ABOUT THIS EXERCISE
Without the pictures, give the listing below again exactly.
Segment Start: DATA
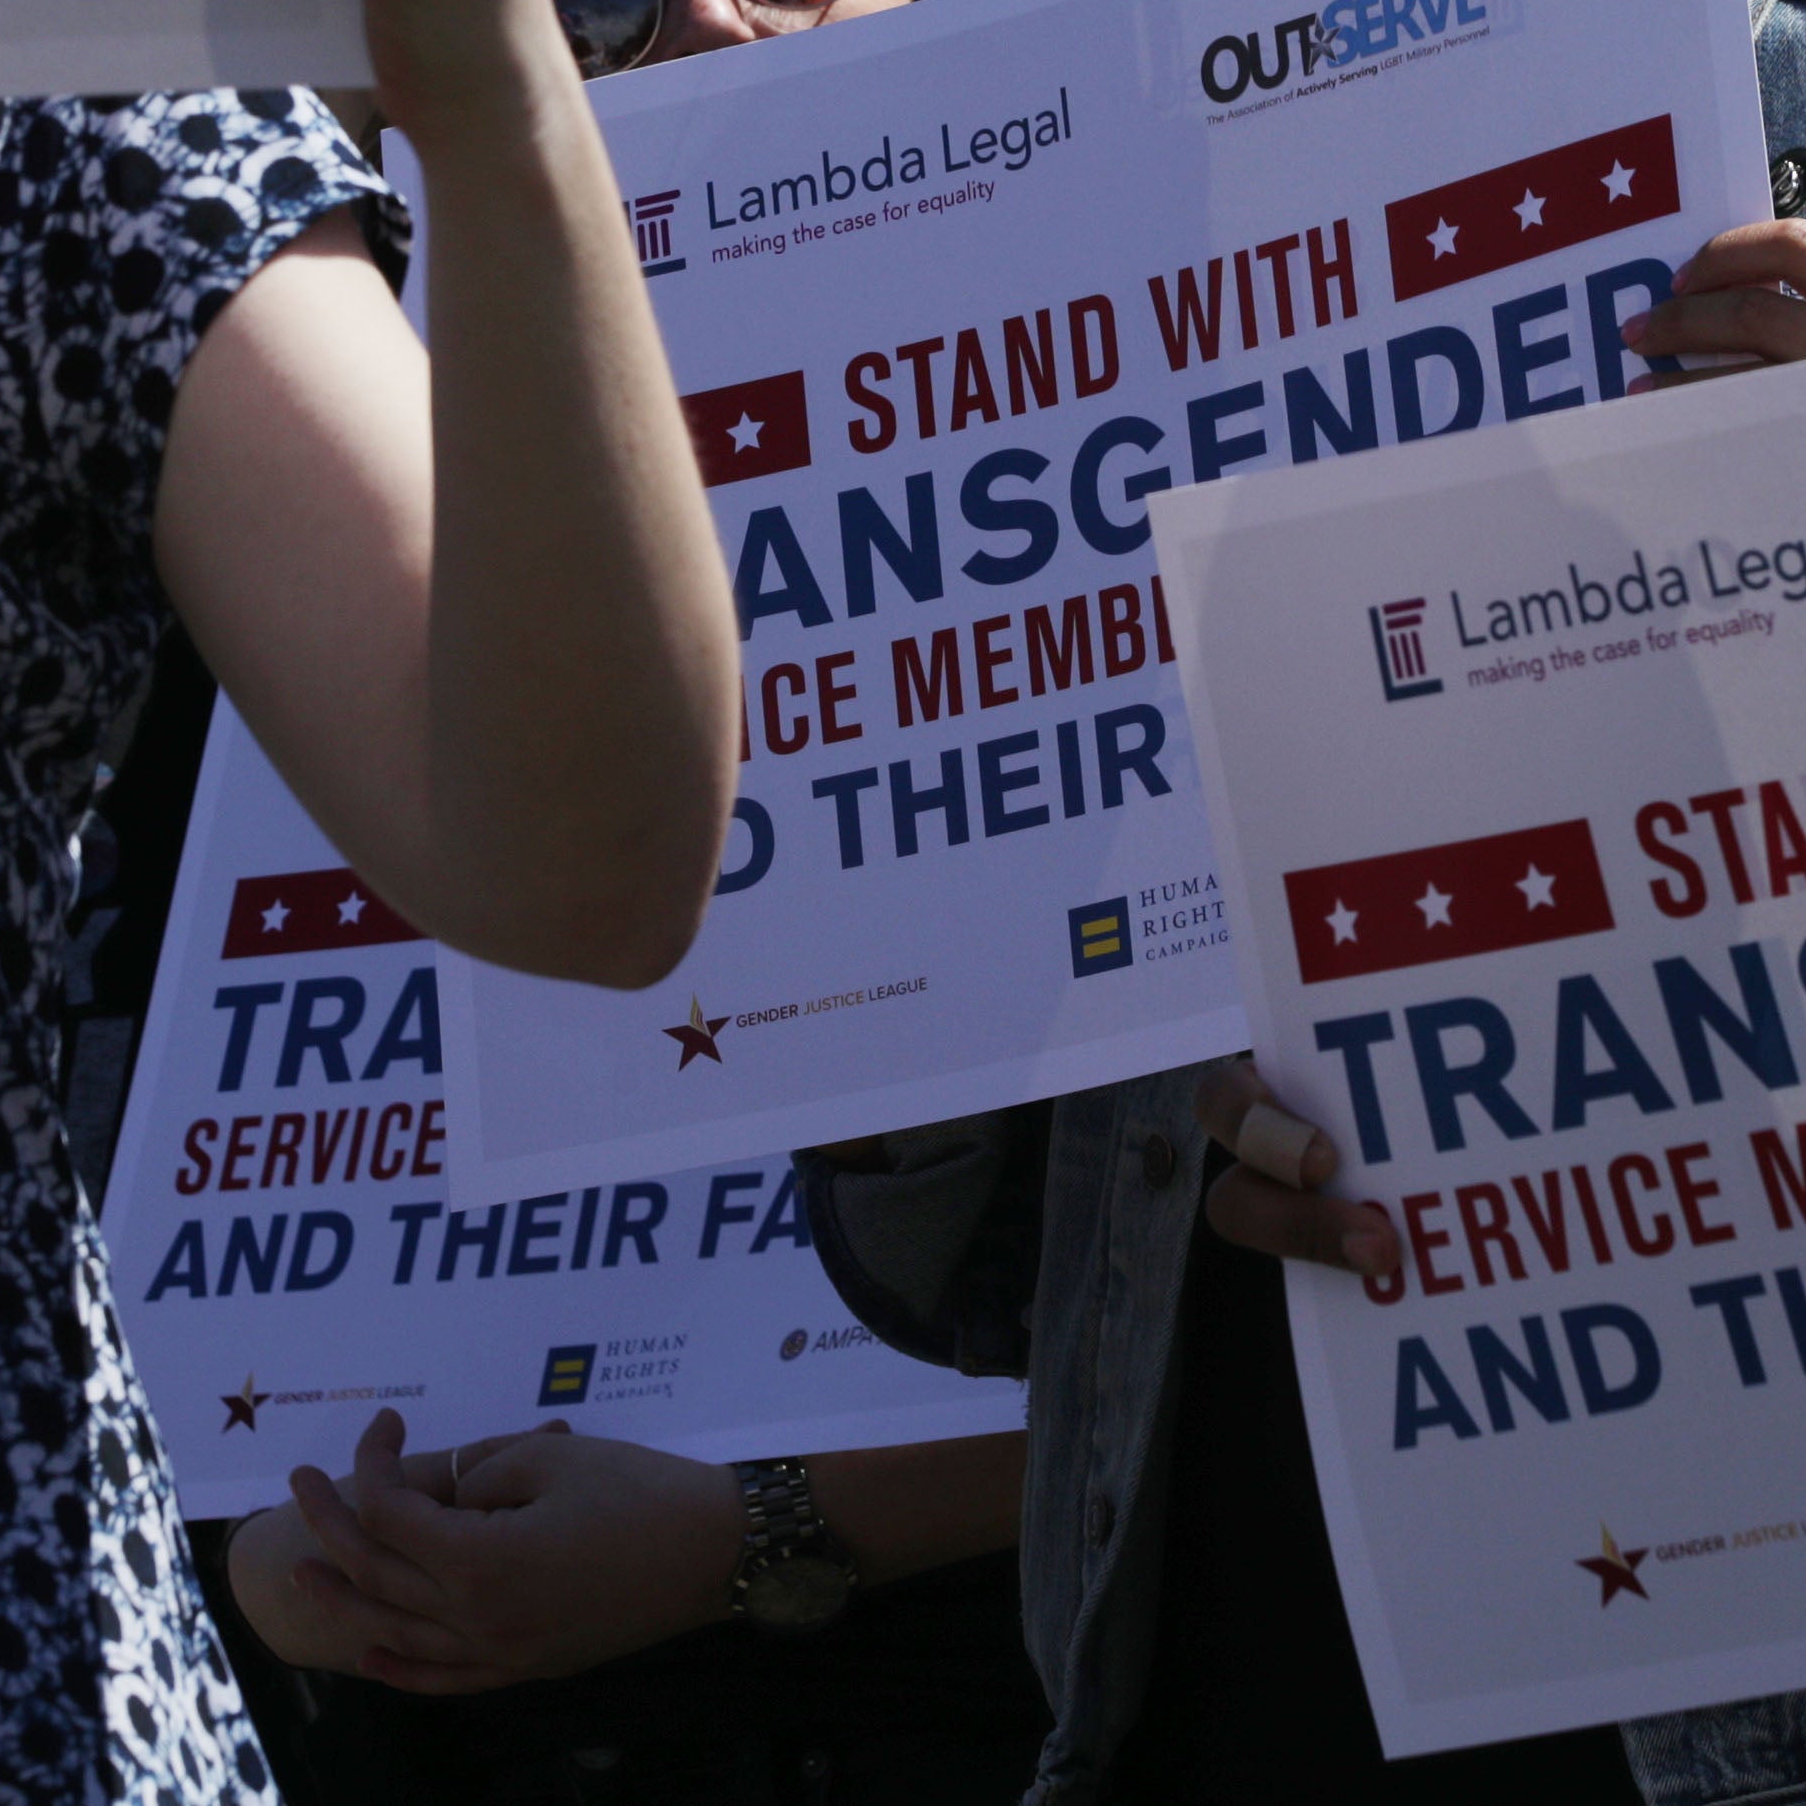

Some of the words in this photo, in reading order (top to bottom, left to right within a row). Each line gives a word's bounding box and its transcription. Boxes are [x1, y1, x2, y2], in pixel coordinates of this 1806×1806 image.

[1296, 77, 1338, 99] Actively
[1338, 64, 1379, 85] Serving
[706, 135, 927, 230] Lambda
[941, 86, 1073, 172] Legal
[712, 232, 787, 265] making
[792, 222, 827, 246] the
[832, 212, 878, 237] case
[882, 200, 912, 224] for
[917, 179, 996, 216] equality
[842, 292, 1120, 455] STAND
[1147, 217, 1360, 373] WITH
[737, 256, 1684, 644] ANSGENDER
[1450, 550, 1692, 648] Lambda
[1467, 654, 1548, 688] making
[1550, 646, 1587, 672] the
[1592, 638, 1641, 664] case
[1646, 626, 1679, 652] for
[1685, 607, 1775, 645] equality
[811, 702, 1174, 872] THEIR
[1139, 873, 1219, 908] HUMA
[1142, 900, 1226, 938] RIGHT
[1145, 929, 1230, 962] CAMPAIG
[735, 1003, 799, 1029] GENDER
[803, 990, 865, 1016] JUSTICE
[868, 977, 929, 1002] LEAGUE
[174, 1099, 447, 1196] SERVICE
[143, 1209, 355, 1303] AND
[389, 1180, 669, 1286] THEIR
[598, 1357, 681, 1382] RIGHTS
[606, 1333, 688, 1358] HUMAN
[1393, 1302, 1663, 1453] AND
[1655, 1534, 1726, 1563] GENDER
[1731, 1521, 1799, 1550] JUSTICE
Segment End: DATA
ANSWER TO THIS EXERCISE
Some of the words in this photo, in reading order (top to bottom, left to right within a row). Each line gives a word's bounding box and its transcription. Boxes are [x1, y1, x2, y2], in pixel coordinates of this 1806×1806 image.

[1296, 77, 1338, 99] Actively
[1338, 64, 1379, 85] Serving
[706, 135, 927, 230] Lambda
[941, 86, 1073, 172] Legal
[712, 232, 787, 265] making
[792, 222, 827, 246] the
[832, 212, 878, 237] case
[882, 200, 912, 224] for
[917, 179, 996, 216] equality
[842, 292, 1120, 455] STAND
[1147, 217, 1360, 373] WITH
[737, 256, 1684, 644] ANSGENDER
[1450, 550, 1692, 648] Lambda
[1467, 654, 1548, 688] making
[1550, 646, 1587, 672] the
[1592, 638, 1641, 664] case
[1646, 626, 1679, 652] for
[1685, 607, 1775, 645] equality
[811, 702, 1174, 872] THEIR
[1139, 873, 1219, 908] HUMA
[1142, 900, 1226, 938] RIGHT
[1145, 929, 1230, 962] CAMPAIG
[735, 1003, 799, 1029] GENDER
[803, 990, 865, 1016] JUSTICE
[868, 977, 929, 1002] LEAGUE
[174, 1099, 447, 1196] SERVICE
[143, 1209, 355, 1303] AND
[389, 1180, 669, 1286] THEIR
[598, 1357, 681, 1382] RIGHTS
[606, 1333, 688, 1358] HUMAN
[1393, 1302, 1663, 1453] AND
[1655, 1534, 1726, 1563] GENDER
[1731, 1521, 1799, 1550] JUSTICE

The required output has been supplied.